Bertet, who also was one of the signatories to promote the impeachment of Plascencia Villanueva for his acts of omission in hundreds of serious cases of human rights violations, recalled that Plascencia was chosen as head of the CNDH through the proposal made by Isabel Miranda de Wallace, who has been denounced before the PGR (the Attorney General’s Office) for faking the kidnapping and killing of her son, Hugo Alberto Wallace. “Which is particularly symptomatic of an extremely serious departure from the sense of ethics within the Mexican justice system,” said the activist.
Bertet emphasized that the CNDH failed in its mission of timely recording human rights violations. “Not only for the dozen families, victims of officials corrupted by the same person who supported Plascencia, Isabel Miranda de Wallace, but also for the artificial divide that created between human rights and privileges of the self-proclaimed ‘victims’ without being so, as this woman.”
The fake Wallace case favoured by Plascencia
The Canadian activist, David Bertet, who has backed the investigative work on the fake kidnapping and killing of Wallace said that “with Plascencia the consistency of the law and the Mexican Constitution was broken to benefit private interests” and mentioned that among these were those of the person who proposed him for public office.
An example of the seriousness of the failures incurred by Plascencia as head of the CNDH was ignoring the acts of torture in the case of Brenda Quevedo Cruz and in those of four other accused persons to support the fake Wallace abduction; in addition, the documentation concerning arbitrary detentions, deprivation of liberty and abuse of power by officials against relatives of the victims was also ignored.
Enriqueta Cruz, mother of Brenda Quevedo, filed the formal report against Plascencia before the Attorney General of Mexico on May 23, 2013, for his acts of omission in the human rights violations perpetrated against her daughter in September 2009 and October 2010. When the report was filed before the CNDH, this institution’s reply was that the case did not fall not within its competence but rather within that of the public prosecutor, even though it specified the abuse by judicial authorities, such as the direct participation of ministerial officers in the physical torture and the rape of the victim and, later on, the positive outcome of the Istanbul Protocol, which validated the torture.
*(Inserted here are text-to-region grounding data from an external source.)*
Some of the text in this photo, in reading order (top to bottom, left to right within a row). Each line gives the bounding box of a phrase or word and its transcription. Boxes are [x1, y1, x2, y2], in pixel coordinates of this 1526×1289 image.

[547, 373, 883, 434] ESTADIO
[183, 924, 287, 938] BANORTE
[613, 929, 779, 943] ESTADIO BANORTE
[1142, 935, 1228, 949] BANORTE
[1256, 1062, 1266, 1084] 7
Complaint against Plascencia before the PGR
A similar case was the one of Alberto Castillo Cruz, accused of the same fake kidnapping, who was also tortured in October 2010 to force him to incriminate himself and apologize to Isabel Miranda. His mother, María Elena Cruz, and his uncle Luis Carrillo Bustamante filed a report with the CNDH. In turn, the CNDH once again failed to intervene and answered that it was not within its competence; for which Raúl Plascencia was again reported to the PGR.
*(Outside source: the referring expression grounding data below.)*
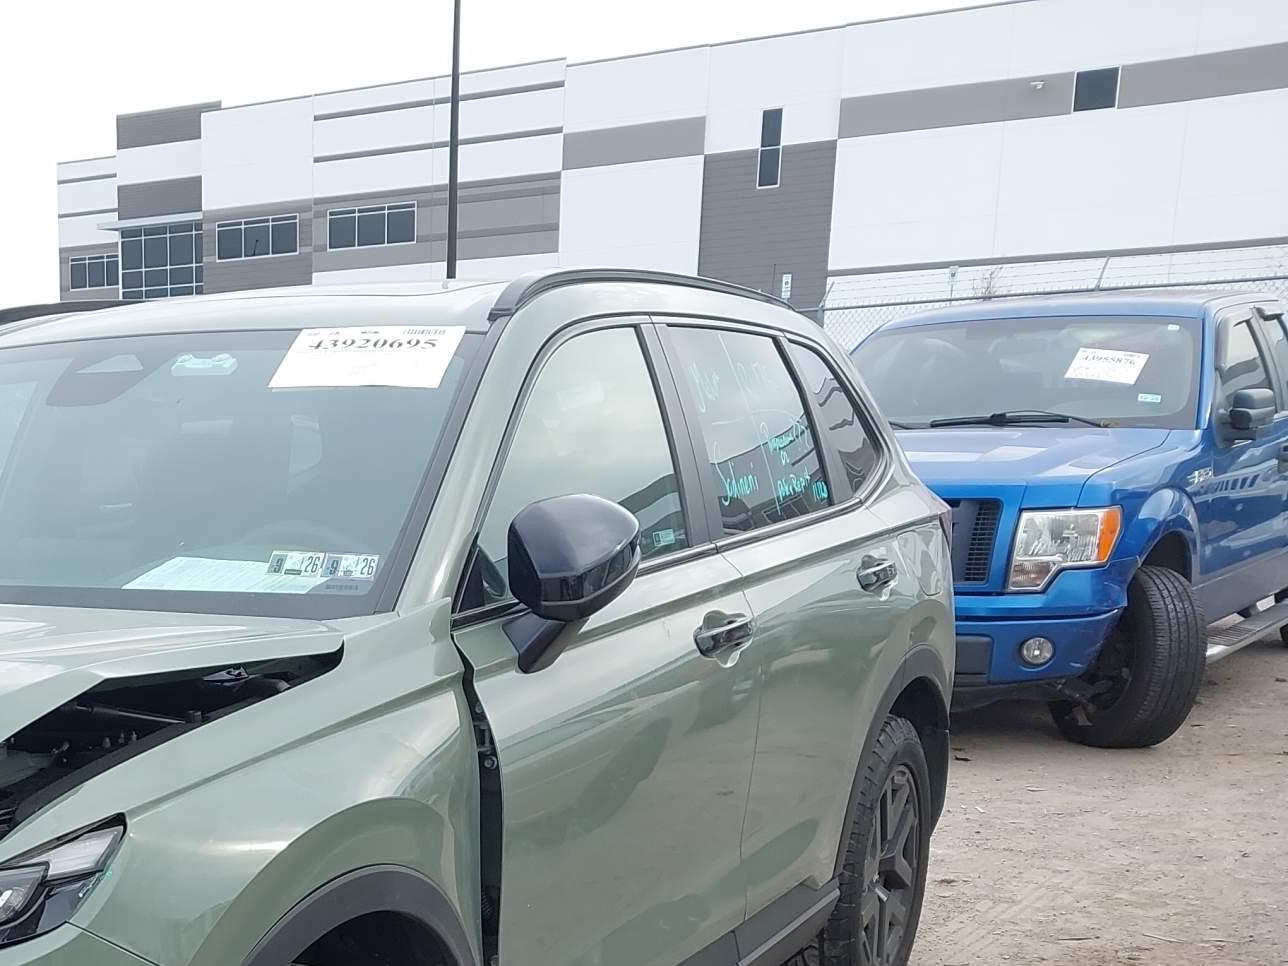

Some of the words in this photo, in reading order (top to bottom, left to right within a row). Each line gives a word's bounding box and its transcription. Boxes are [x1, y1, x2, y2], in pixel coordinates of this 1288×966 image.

[308, 338, 439, 350] 43920695
[304, 556, 320, 574] 26
[329, 559, 339, 575] 9
[360, 558, 376, 576] 26
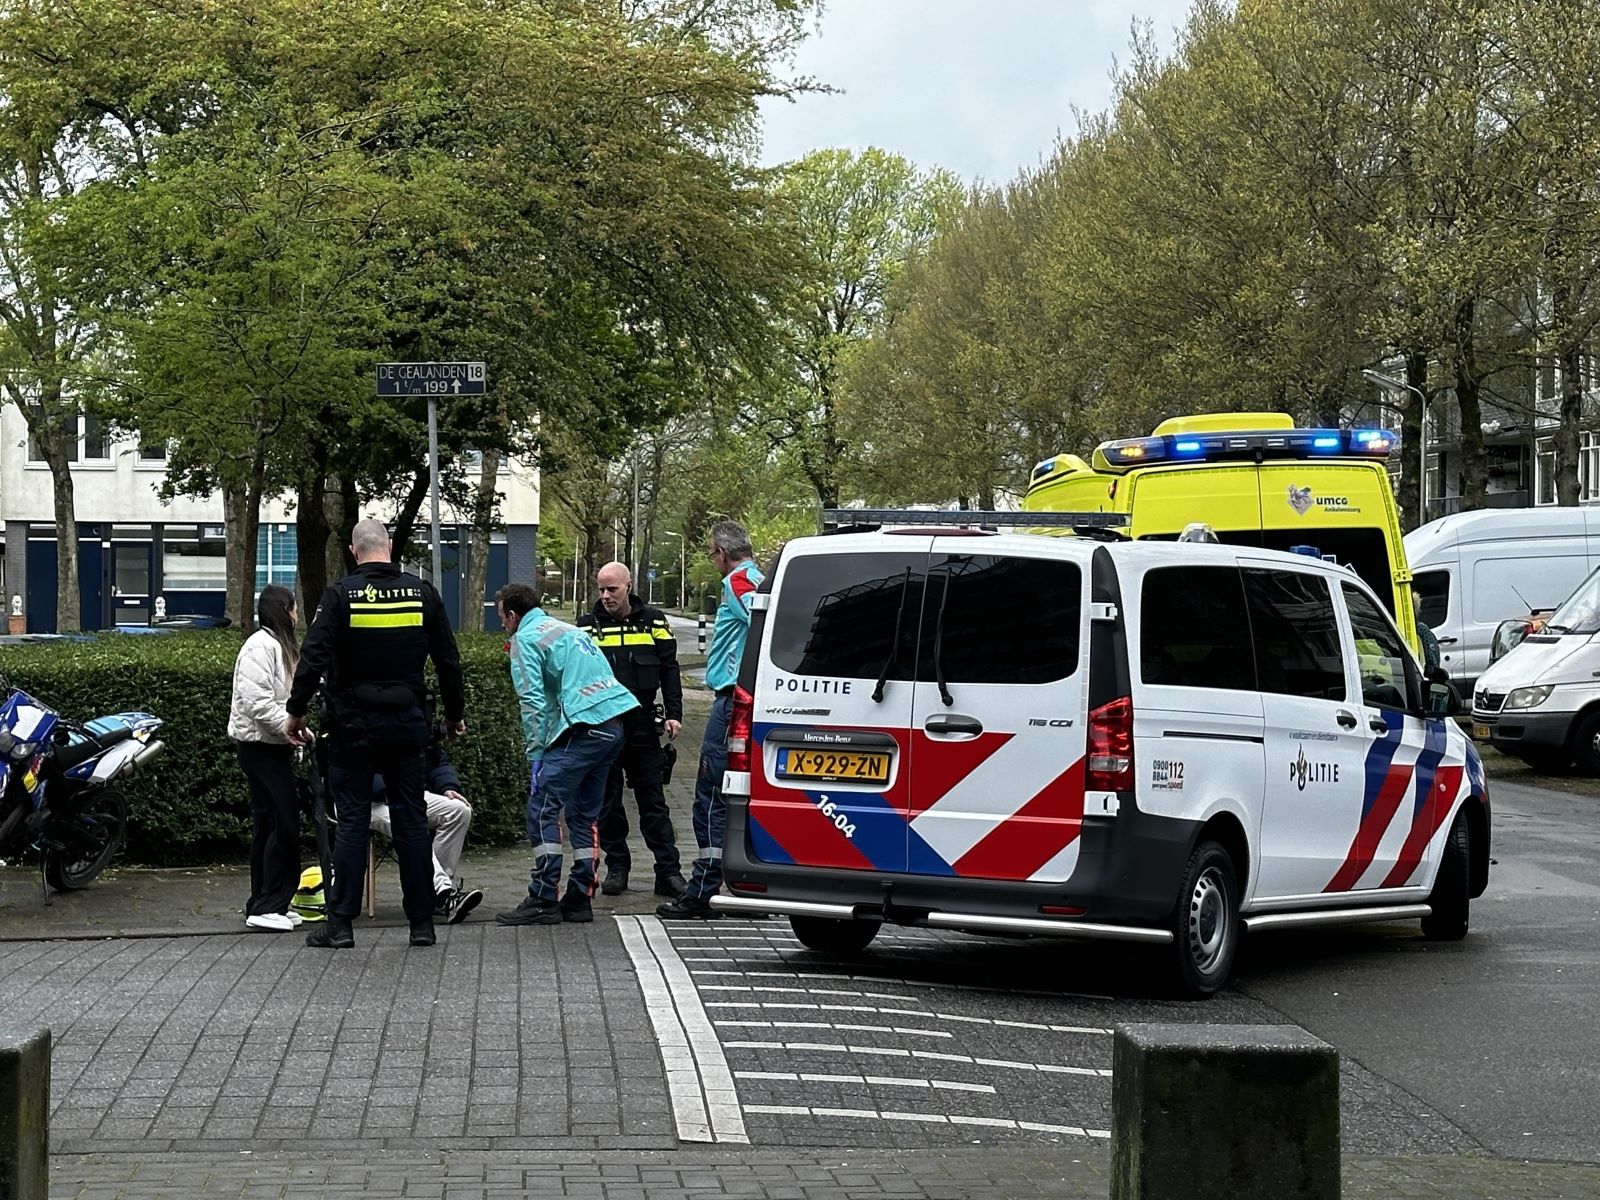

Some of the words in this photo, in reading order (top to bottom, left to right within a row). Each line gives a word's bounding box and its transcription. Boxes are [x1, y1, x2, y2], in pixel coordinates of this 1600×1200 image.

[380, 366, 394, 379] DE
[398, 365, 466, 379] GEALANDEN
[470, 366, 483, 378] 18
[393, 381, 400, 393] 1
[423, 381, 448, 393] 199
[775, 678, 851, 695] POLITIE
[1049, 719, 1074, 727] CDI
[793, 753, 881, 776] X-929-ZN
[1152, 760, 1169, 770] 0900
[1168, 761, 1184, 779] 112
[816, 794, 857, 838] 16-04
One of the complaints, between 2006 and 2010, ignored by the CNDH that fatally struck one of the victims of human rights violations was the one filed by the mother and sister of César Freyre Morales, a manufactured guilty defendant in the same Wallace case. María Rosa Morales and the late Julieta Freyre were jailed for a year and a half following the allegations about false crimes made by Miranda, while the CNDH once again failed to make recommendations to government officials involved in this situation.
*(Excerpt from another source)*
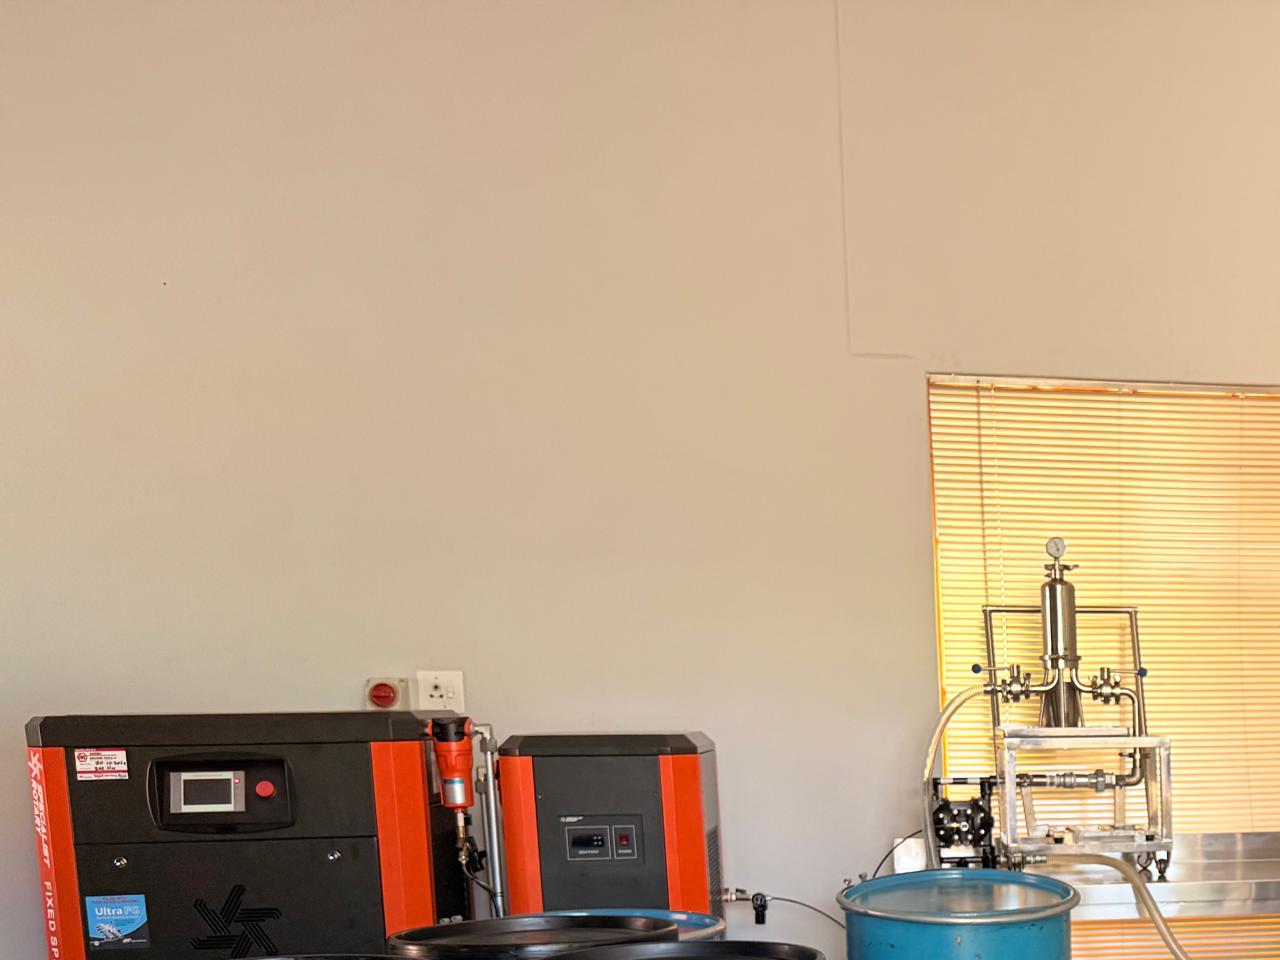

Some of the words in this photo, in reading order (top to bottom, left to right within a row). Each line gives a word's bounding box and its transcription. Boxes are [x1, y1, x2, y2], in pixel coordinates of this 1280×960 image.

“Such complicity between Plascencia and the person who made up the kidnapping and murder of her son, it is the most indicative example of corruption not only within the CNDH but also in the institutions of justice in the Mexican State,” said Bertet to Los Ángeles Press, and warned that “as long as traffic peddling is the implicit rule in appointing the Mexican ombudsman, the real victims will continue to be helpless and their suffering will be ignored.”
On the possibility that Mauricio Farah, Secretary-General of the Chamber of Deputies, become the successor to Plascencia as head of the CNDH, Bertet expressed concern: Simply by the fact that the pre-candidate currently holds public office, and his candidacy is being pushed by the PRI (the governing political party), it should be enough to rule it out. Mexico deserves that an institution the size of the CNDH be really independent from the executive and legislative branches, and not one more door to profit from influence peddling.”